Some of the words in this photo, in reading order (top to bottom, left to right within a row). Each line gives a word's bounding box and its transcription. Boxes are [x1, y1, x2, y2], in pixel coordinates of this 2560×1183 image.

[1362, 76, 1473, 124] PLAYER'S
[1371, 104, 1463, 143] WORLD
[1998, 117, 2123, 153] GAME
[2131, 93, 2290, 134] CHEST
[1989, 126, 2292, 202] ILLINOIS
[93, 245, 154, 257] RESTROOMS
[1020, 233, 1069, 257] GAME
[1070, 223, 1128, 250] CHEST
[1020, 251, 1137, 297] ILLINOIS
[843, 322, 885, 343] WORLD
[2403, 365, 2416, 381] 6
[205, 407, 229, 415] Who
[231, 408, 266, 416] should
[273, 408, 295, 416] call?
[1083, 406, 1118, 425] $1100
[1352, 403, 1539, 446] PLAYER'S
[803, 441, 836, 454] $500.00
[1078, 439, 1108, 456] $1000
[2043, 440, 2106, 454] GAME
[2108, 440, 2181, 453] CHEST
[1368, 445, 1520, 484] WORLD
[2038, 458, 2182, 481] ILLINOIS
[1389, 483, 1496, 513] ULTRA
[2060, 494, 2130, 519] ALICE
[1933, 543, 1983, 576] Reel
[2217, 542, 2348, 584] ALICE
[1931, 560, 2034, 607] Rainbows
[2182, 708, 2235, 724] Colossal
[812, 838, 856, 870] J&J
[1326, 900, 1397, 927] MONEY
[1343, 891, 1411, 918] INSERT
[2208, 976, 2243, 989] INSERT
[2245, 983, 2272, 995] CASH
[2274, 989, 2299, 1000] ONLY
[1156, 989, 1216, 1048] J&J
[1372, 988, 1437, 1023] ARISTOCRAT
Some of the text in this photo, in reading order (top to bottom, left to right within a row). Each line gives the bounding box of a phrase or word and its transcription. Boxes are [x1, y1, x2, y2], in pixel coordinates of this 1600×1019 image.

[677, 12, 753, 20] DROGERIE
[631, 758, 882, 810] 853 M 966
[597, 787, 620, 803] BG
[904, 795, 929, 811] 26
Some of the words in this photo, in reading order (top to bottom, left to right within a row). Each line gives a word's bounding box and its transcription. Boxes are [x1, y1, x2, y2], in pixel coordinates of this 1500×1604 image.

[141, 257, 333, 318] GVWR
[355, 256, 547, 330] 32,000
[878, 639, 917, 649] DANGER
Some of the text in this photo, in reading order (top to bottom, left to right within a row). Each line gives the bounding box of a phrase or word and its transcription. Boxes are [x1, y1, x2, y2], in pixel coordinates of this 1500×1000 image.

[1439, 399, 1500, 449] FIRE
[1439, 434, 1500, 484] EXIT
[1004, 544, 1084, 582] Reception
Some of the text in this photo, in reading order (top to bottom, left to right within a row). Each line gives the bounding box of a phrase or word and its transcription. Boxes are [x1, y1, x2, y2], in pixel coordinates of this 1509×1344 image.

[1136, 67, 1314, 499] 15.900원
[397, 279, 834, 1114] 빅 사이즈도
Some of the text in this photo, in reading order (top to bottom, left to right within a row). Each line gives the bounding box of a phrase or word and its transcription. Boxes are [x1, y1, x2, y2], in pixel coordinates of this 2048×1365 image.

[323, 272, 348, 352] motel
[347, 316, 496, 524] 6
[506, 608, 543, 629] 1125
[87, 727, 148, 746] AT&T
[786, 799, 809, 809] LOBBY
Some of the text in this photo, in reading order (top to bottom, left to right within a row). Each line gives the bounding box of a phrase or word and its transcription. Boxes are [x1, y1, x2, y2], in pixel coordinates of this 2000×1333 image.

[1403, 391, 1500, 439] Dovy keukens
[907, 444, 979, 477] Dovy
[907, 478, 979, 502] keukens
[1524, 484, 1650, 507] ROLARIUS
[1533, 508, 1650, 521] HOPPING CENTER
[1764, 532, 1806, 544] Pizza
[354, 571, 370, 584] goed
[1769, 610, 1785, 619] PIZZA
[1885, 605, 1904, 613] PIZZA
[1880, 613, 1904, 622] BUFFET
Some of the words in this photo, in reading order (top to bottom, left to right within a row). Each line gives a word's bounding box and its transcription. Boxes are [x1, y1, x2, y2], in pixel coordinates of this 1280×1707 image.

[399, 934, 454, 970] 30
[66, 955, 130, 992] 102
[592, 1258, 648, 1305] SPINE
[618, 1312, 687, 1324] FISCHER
-=-=-
Reproduce the material above exactly; please quote every line of it.

Some of the words in this photo, in reading order (top to bottom, left to right within a row). Each line gives a word's bounding box and its transcription. Boxes are [x1, y1, x2, y2], in pixel coordinates of this 2560×1183 image.

[1362, 76, 1473, 124] PLAYER'S
[1371, 104, 1463, 143] WORLD
[1998, 117, 2123, 153] GAME
[2131, 93, 2290, 134] CHEST
[1989, 126, 2292, 202] ILLINOIS
[93, 245, 154, 257] RESTROOMS
[1020, 233, 1069, 257] GAME
[1070, 223, 1128, 250] CHEST
[1020, 251, 1137, 297] ILLINOIS
[843, 322, 885, 343] WORLD
[2403, 365, 2416, 381] 6
[205, 407, 229, 415] Who
[231, 408, 266, 416] should
[273, 408, 295, 416] call?
[1083, 406, 1118, 425] $1100
[1352, 403, 1539, 446] PLAYER'S
[803, 441, 836, 454] $500.00
[1078, 439, 1108, 456] $1000
[2043, 440, 2106, 454] GAME
[2108, 440, 2181, 453] CHEST
[1368, 445, 1520, 484] WORLD
[2038, 458, 2182, 481] ILLINOIS
[1389, 483, 1496, 513] ULTRA
[2060, 494, 2130, 519] ALICE
[1933, 543, 1983, 576] Reel
[2217, 542, 2348, 584] ALICE
[1931, 560, 2034, 607] Rainbows
[2182, 708, 2235, 724] Colossal
[812, 838, 856, 870] J&J
[1326, 900, 1397, 927] MONEY
[1343, 891, 1411, 918] INSERT
[2208, 976, 2243, 989] INSERT
[2245, 983, 2272, 995] CASH
[2274, 989, 2299, 1000] ONLY
[1156, 989, 1216, 1048] J&J
[1372, 988, 1437, 1023] ARISTOCRAT
Some of the text in this photo, in reading order (top to bottom, left to right within a row). Each line gives the bounding box of a phrase or word and its transcription. Boxes are [x1, y1, x2, y2], in pixel coordinates of this 1600×1019 image.

[677, 12, 753, 20] DROGERIE
[631, 758, 882, 810] 853 M 966
[597, 787, 620, 803] BG
[904, 795, 929, 811] 26
Some of the words in this photo, in reading order (top to bottom, left to right within a row). Each line gives a word's bounding box and its transcription. Boxes are [x1, y1, x2, y2], in pixel coordinates of this 1500×1604 image.

[141, 257, 333, 318] GVWR
[355, 256, 547, 330] 32,000
[878, 639, 917, 649] DANGER
Some of the text in this photo, in reading order (top to bottom, left to right within a row). Each line gives the bounding box of a phrase or word and its transcription. Boxes are [x1, y1, x2, y2], in pixel coordinates of this 1500×1000 image.

[1439, 399, 1500, 449] FIRE
[1439, 434, 1500, 484] EXIT
[1004, 544, 1084, 582] Reception
Some of the text in this photo, in reading order (top to bottom, left to right within a row). Each line gives the bounding box of a phrase or word and its transcription. Boxes are [x1, y1, x2, y2], in pixel coordinates of this 1509×1344 image.

[1136, 67, 1314, 499] 15.900원
[397, 279, 834, 1114] 빅 사이즈도
Some of the text in this photo, in reading order (top to bottom, left to right within a row). Each line gives the bounding box of a phrase or word and its transcription. Boxes are [x1, y1, x2, y2], in pixel coordinates of this 2048×1365 image.

[323, 272, 348, 352] motel
[347, 316, 496, 524] 6
[506, 608, 543, 629] 1125
[87, 727, 148, 746] AT&T
[786, 799, 809, 809] LOBBY
Some of the text in this photo, in reading order (top to bottom, left to right within a row). Each line gives the bounding box of a phrase or word and its transcription. Boxes are [x1, y1, x2, y2], in pixel coordinates of this 2000×1333 image.

[1403, 391, 1500, 439] Dovy keukens
[907, 444, 979, 477] Dovy
[907, 478, 979, 502] keukens
[1524, 484, 1650, 507] ROLARIUS
[1533, 508, 1650, 521] HOPPING CENTER
[1764, 532, 1806, 544] Pizza
[354, 571, 370, 584] goed
[1769, 610, 1785, 619] PIZZA
[1885, 605, 1904, 613] PIZZA
[1880, 613, 1904, 622] BUFFET
Some of the words in this photo, in reading order (top to bottom, left to right within a row). Each line gives a word's bounding box and its transcription. Boxes are [x1, y1, x2, y2], in pixel coordinates of this 1280×1707 image.

[399, 934, 454, 970] 30
[66, 955, 130, 992] 102
[592, 1258, 648, 1305] SPINE
[618, 1312, 687, 1324] FISCHER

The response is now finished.